With pictures omitted, restate the data word for word.

────────────────────────────────────────

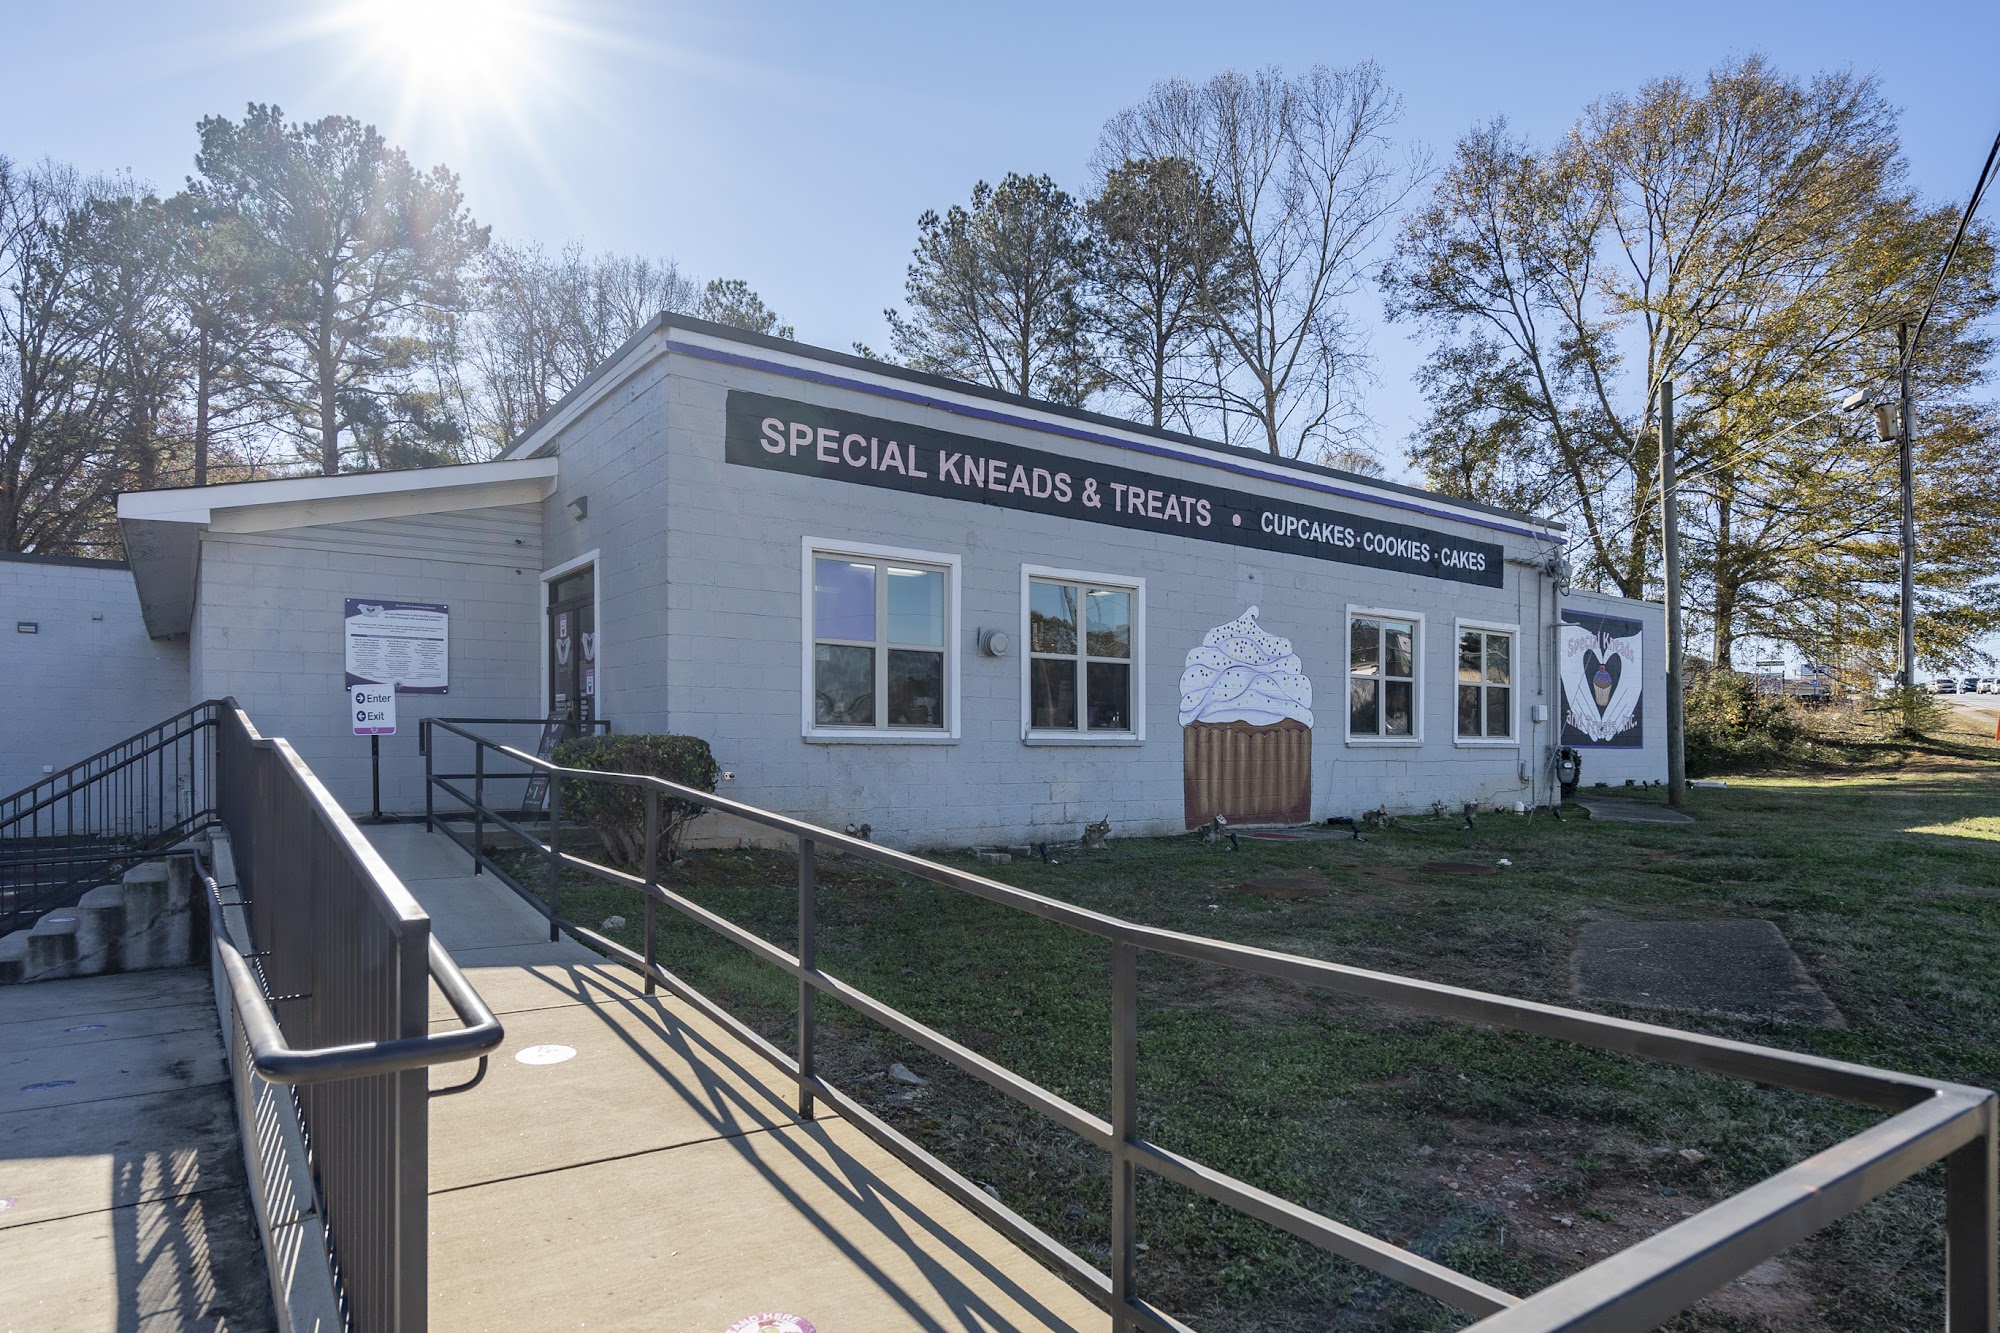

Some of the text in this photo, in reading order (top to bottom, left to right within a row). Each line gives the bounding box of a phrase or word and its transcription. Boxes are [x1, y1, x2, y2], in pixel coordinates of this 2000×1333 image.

[760, 416, 1212, 527] SPECIAL KNEADS & TREATS
[1260, 511, 1486, 571] CUPCAKES COOKIES CAKES
[1567, 631, 1635, 663] Special Kneads
[367, 694, 391, 703] Enter
[367, 711, 385, 721] Exit
[726, 1312, 802, 1333] AND HERE
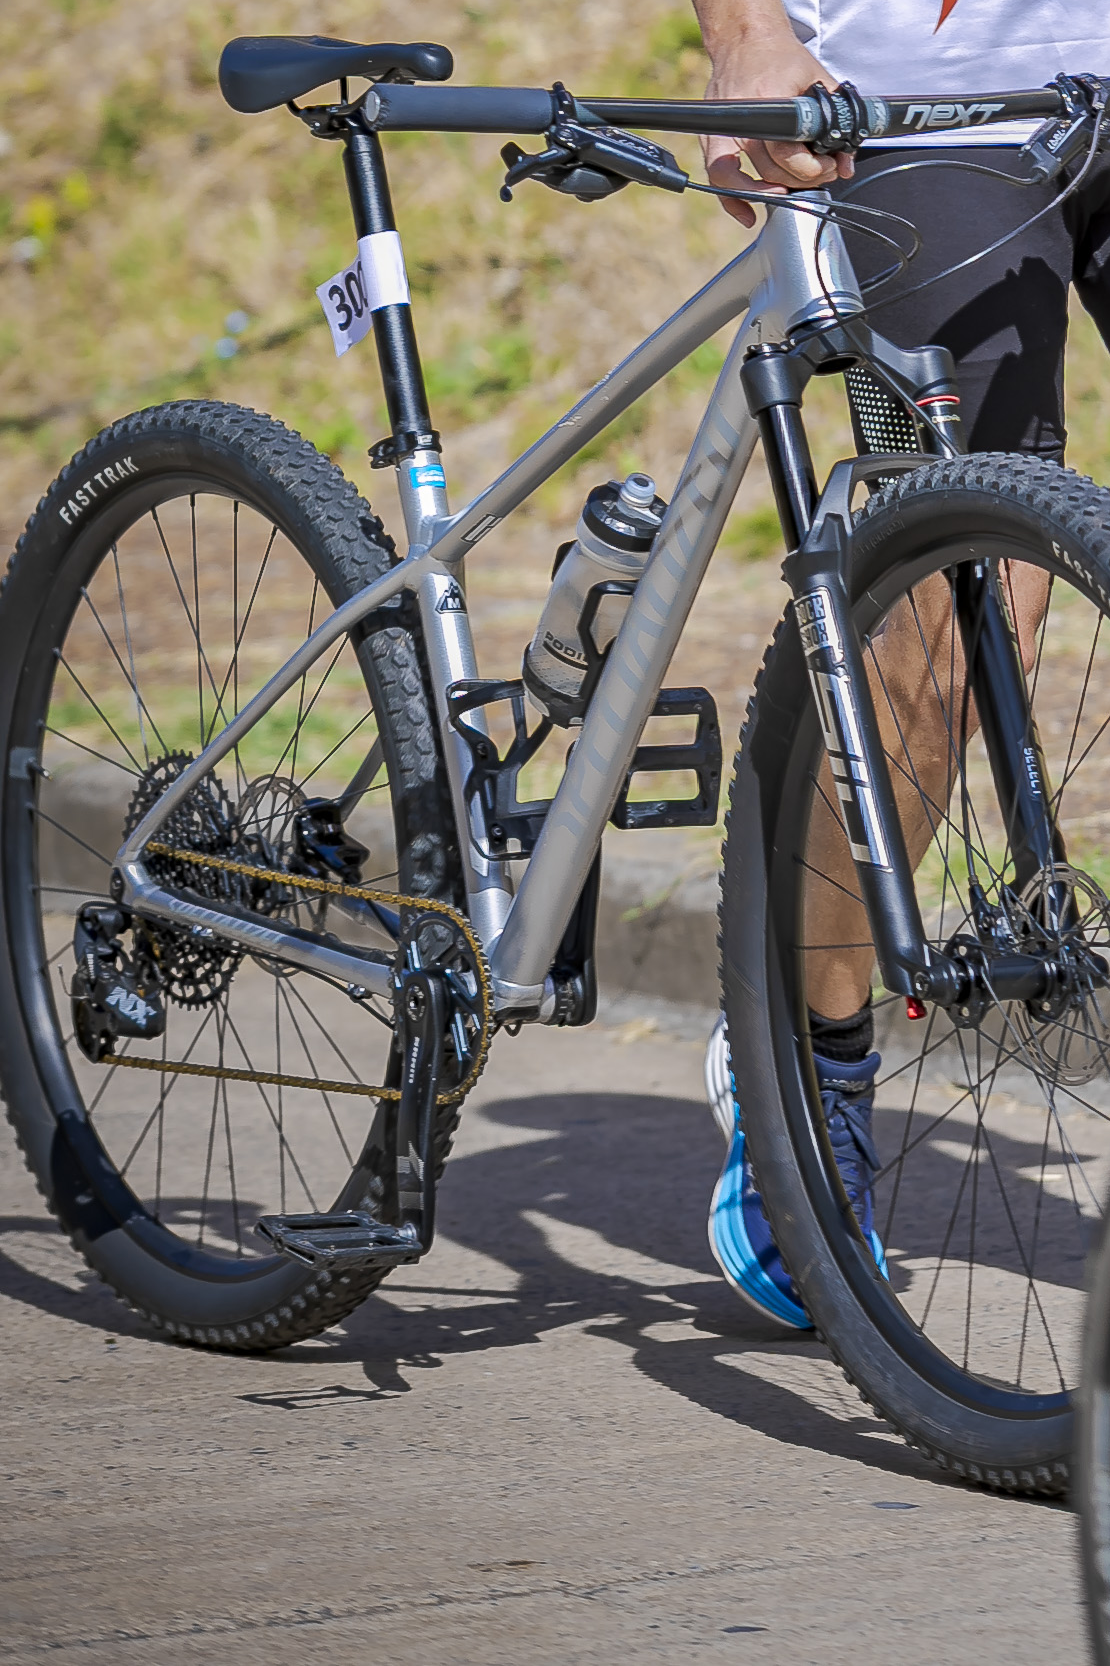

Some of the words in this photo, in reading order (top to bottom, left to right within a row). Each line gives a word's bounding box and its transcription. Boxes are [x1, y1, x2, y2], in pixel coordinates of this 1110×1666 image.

────────────────────────────────────────

(RESPONSE TO THE EXERCISE)
Some of the text in this photo, in reading order (top to bottom, left to right within a row). Each line gives the bounding box of a phrase or word and its transcription. Boxes are [x1, y1, x2, y2], in pixel coordinates of this 2000×1333 image.

[760, 416, 1212, 527] SPECIAL KNEADS & TREATS
[1260, 511, 1486, 571] CUPCAKES COOKIES CAKES
[1567, 631, 1635, 663] Special Kneads
[367, 694, 391, 703] Enter
[367, 711, 385, 721] Exit
[726, 1312, 802, 1333] AND HERE

Some of the words in this photo, in reading order (top to bottom, left to right within a row). Each line gives a word's bounding box and its transcription. Boxes are [x1, y1, x2, y2], in pixel coordinates of this 1110×1666 image.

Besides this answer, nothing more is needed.